THD invested $100,000 in the Launch Program of Ladies Who Launch (LWL). LWL became a nonprofit in 2017 and is dedicated to elevating and empowering women and non-binary business owners and entrepreneurs. They support business owners by providing educational resources, funding, mentorships, networking and community.
THD’s partnership with Women Who Code is creating opportunities in technology-driven careers. THD says they are committed to advancing diverse representation and that the hard work of technology associates plays a big part in the company’s success.
HGTV’s “Build It Forward” debuted in March. The network’s limited series profiles five homeowners who are surprised with a Home renovation using Lowe’s products, supplies and materials. The five-part series draws inspiration from Lowe’s 100 Hometowns campaign. That $10 million initiative chose 100 high-impact projects from across the country in recognition of Lowe’s centennial. Lowe’s felt some of the stories were so moving and rich they deserved to be told in a longer format. Lowe’s also announced they will build on the 100 Hometowns program with a new initiative. They’ll invest $100 million into the communities Lowe’s serves over the next five years, their largest commitment of this kind ever. Plans call for Lowe’s to complete 9,000 community-oriented projects across America through 2026. In addition, a five-part digital series call “Build it Forward: Making Good” will take a deeper look at the community organizations and the impact of projects.
Lowe’s reports that stores were set for the spring rush well in advance of the season because they brought in inventory much earlier than usual. They will be hosting their second annual SpringFest, featuring DIY workshops both in store and via livestream that will focus on skills such as building and planting a raised garden bed and creating a beautiful lawn. Lowe’s will also offer 30-minute in-store walking tours through lawn and garden on Tuesdays and Thursdays beginning in mid-April and will give away one million seeds in advance of Earth Day, April 22.
Walmart plans to hire more than 50,000 U.S. workers this quarter for a variety of roles in stores, clubs, supply chain and corporate tech. Walmart’s starting wage is now as high as $30 an hour for select roles in certain markets.

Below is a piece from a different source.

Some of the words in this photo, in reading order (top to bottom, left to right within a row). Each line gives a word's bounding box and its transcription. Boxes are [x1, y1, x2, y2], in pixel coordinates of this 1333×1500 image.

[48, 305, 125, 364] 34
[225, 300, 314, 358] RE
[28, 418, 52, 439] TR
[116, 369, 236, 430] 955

Amazon plans to close all their physical bookstores as well as their 4-star shops and Pop-Up stores and focus more closely on their Amazon Fresh, Whole Foods Market, Amazon Go, Amazon Style stores and their Just Walk Out technology.
Amazon closed on their deal to acquire movie/TV blockbuster studio MGM for $8.5 billion. The iconic, nearly century-old studio has more than 4,000 film titles, 17,000 TV episodes, 180 Academy Awards and 100 Emmy Awards.

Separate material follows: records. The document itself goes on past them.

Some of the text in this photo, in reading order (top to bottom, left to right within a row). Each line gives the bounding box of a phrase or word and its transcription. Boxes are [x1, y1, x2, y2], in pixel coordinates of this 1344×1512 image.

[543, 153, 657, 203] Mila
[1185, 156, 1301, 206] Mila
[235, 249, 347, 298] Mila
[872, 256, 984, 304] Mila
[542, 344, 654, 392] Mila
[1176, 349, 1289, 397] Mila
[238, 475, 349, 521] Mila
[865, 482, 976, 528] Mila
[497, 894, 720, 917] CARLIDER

Amazon will collaborate with the US government to develop new technologies to reduce plastic pollution through innovation in materials and recycling. Amazon will join the BOTTLE consortium (Bio-Optimized Technologies to Keep Thermoplastics out of Landfills and the Environment), which is supported by the US Department of Energy. The goal is to find solutions for today’s plastics management as well as to ensure that tomorrow’s plastics are recyclable from their design phase. They will also work on a new energy-efficient technology capable of breaking down different types of plastics and converting them into materials that can be used in the production of new plastics.